◆ Your task
Would you reproduce each of the records below precisely, with the pictures left out?

◆ Recorded data
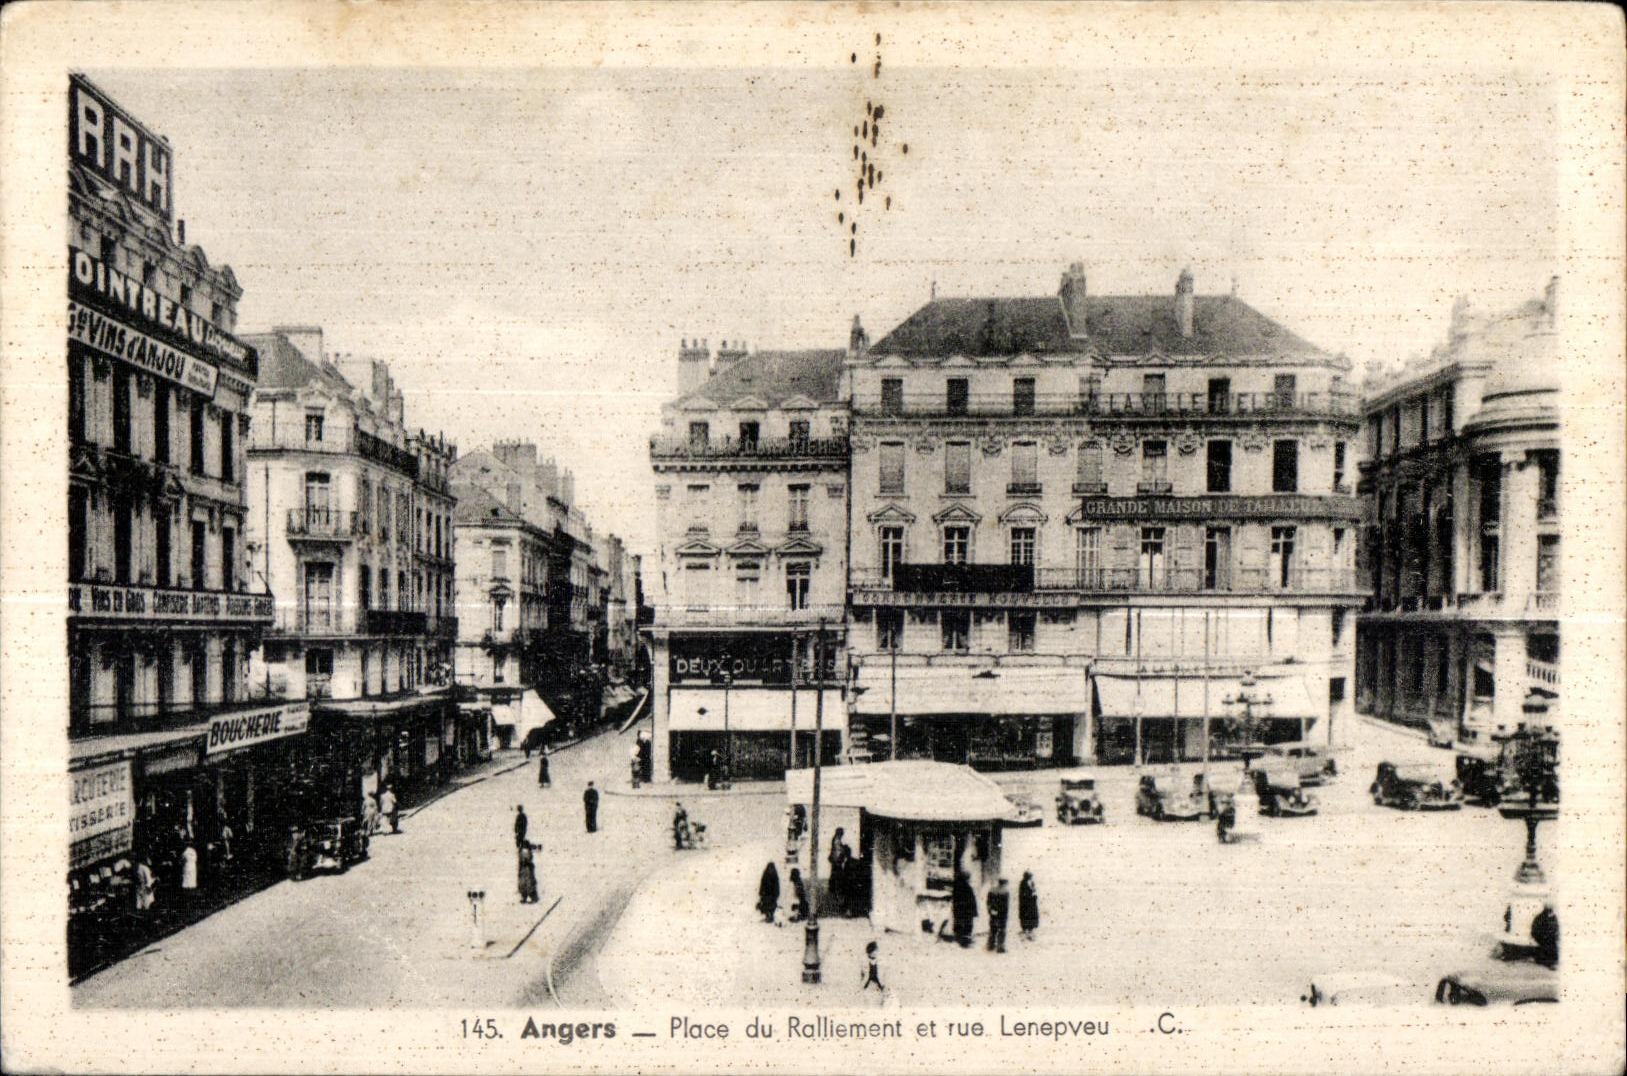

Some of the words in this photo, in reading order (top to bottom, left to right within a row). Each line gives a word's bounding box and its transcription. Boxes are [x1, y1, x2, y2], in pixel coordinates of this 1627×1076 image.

[75, 250, 203, 344] OINTREAU
[88, 310, 127, 355] VINS
[1086, 500, 1148, 514] GRANDE
[1154, 499, 1213, 514] MAISON
[676, 658, 725, 673] DEUX
[209, 710, 283, 748] BOUCHERIE

◆ Task answer
Some of the words in this photo, in reading order (top to bottom, left to right within a row). Each line gives a word's bounding box and its transcription. Boxes are [x1, y1, x2, y2], in pixel coordinates of this 1627×1076 image.

[75, 250, 203, 344] OINTREAU
[88, 310, 127, 355] VINS
[1086, 500, 1148, 514] GRANDE
[1154, 499, 1213, 514] MAISON
[676, 658, 725, 673] DEUX
[209, 710, 283, 748] BOUCHERIE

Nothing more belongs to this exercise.